Der zweite Aspekt, der politische Effekt dieser Geldpolitik genannten Fiskalpolitik der Notenbank wird nun darin sichtbar, dass diese Notenbankpolitik in eine Sackgasse geführt hat, aus der weder die europäische noch die amerikanische Form der Politischen Ökonomie herauszukommen scheint. Dies zeigt erstens, sie ist kein „lokales“ Phänomen und zweitens, sie ist nicht beherrschbar. Politik ist in der Geldpolitik am Point of no Return angekommen. Sie ist bislang der Überzeugung gefolgt, dass grundlegende ökonomische Zusammenhänge wie dass niedrige Arbeitslosigkeit zu steigenden Preisen führen, obsolet sind. Wir sehen Europa und die USA dem Schicksal Japans folgend und sich darauf vorzubereiten, dass niedrige Zinsen nicht mehr Wachstum, sondern niedriges Wachstum bedeuten und sogar zu sinkenden Preisen, also zu Deflation führen kann.
Während die Notenbanken der beiden großen westlichen Wirtschaftsräume mit noch mehr geldgetriebener Fiskalpolitik darauf antworten, gibt es in der Ökonomik nicht überraschend bereits erste Ansätze von Überlegungen, aus dieser Sackgasse sich herauszudenken; alle bislang relativ hilflos. Denn alle neuen Ideen reproduzieren den Fehler, dass mehr Geldpolitik zu den gewünschten Ergebnissen führt, aber just das Gegenteil ist der Fall. Das ist die Sackgasse oder der double bind der politisch motivierten Geldpolitik, dass sie immer weniger erreichen, je mehr sie aktiv wird. Da kommt es nicht zufällig auf Ideen, wie man das Bargeld abschaffen kann, um Minuszinsen aus dem Weg zu gehen. Oder eine andere Idee, doch gleich das japanische Modell ganz zu übernehmen und niedrige Zinsen am langen Ende der Zinskurve als gewünschtes Ziel auszurufen. Ganz und gar florierend schizophren ist die Idee, die nicht neu ist, aber in ihrer Anwendung zu blühenden Phantasien führt; man nehme doch das ganz Geld, dass die Notenbanken in den Kreditkreislauf pumpen, um Kredite möglich zu machen, und werfe es als „Helikoptergeld“ gleich über die Bürger des Landes aus. Letztlich wäre da noch der Vorschlag, die Inflationsziele, selbst die mit Korridor, einfach ganz aufzugeben und sich lediglich nur um möglicherweise galoppierende Preise zu kümmern. Das alles und mehr davon grassiert durch den wissenschaftlichen Dschungel und hat sich bereits kräftig darin verirrt. Der Irrgarten ist perfekt angelegt, einen Ausgang hat man nur leider bei der Realisierung vergessen.

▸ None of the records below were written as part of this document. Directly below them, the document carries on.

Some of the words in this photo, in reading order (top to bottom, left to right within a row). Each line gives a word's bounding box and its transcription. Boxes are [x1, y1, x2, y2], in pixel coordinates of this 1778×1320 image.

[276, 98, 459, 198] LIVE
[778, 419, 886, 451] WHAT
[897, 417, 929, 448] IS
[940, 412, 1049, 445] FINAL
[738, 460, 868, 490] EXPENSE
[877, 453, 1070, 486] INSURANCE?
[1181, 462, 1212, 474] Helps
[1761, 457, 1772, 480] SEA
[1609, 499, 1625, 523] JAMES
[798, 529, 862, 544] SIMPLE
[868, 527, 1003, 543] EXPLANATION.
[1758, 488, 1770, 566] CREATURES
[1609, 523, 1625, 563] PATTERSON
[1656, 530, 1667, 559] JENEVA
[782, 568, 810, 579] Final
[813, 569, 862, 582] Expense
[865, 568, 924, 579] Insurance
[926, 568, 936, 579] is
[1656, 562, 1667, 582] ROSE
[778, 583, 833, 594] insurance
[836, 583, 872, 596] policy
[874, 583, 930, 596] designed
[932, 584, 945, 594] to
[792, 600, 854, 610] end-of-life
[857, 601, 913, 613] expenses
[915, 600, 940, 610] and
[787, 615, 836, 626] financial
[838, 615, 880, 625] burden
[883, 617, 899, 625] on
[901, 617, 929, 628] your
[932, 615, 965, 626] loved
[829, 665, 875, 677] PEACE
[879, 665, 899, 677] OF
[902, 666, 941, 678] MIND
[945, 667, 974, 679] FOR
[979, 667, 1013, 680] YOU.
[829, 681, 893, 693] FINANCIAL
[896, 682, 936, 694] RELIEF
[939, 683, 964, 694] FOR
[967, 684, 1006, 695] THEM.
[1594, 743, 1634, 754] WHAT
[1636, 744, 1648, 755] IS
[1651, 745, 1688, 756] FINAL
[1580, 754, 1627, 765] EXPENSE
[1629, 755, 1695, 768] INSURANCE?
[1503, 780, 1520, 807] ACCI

Am Ende bleibt das Problem, dass man den Inflationserwartungen kaum auf die Schliche kommt. Nimmt einmal die Inflationserwartung ab, ist man schneller als man möchte schon in einer deflationären Phase; und die kann lange anhalten mit den ganzen, damit verbundenen Problemen, deren eins, Lohnkürzungen schwer nur zu realisieren sind; jedenfalls müsste man wohl vorher die politische Klasse abschaffen. Lohnkürzungen sind schwer zu realisieren und haben selten in der Geschichte der Marktwirtschaft stattgefunden, ist die innere Triebkraft der Marktwirtschaft ja Wachstum. Wäre die Marktwirtschaft universell, also alle Segmente ihren Geltungsbereich umfassend, müssten Lohnkürzungen so alltäglich und normal sein, wie Preissenkungen bei Tomaten; aber so ist es nicht.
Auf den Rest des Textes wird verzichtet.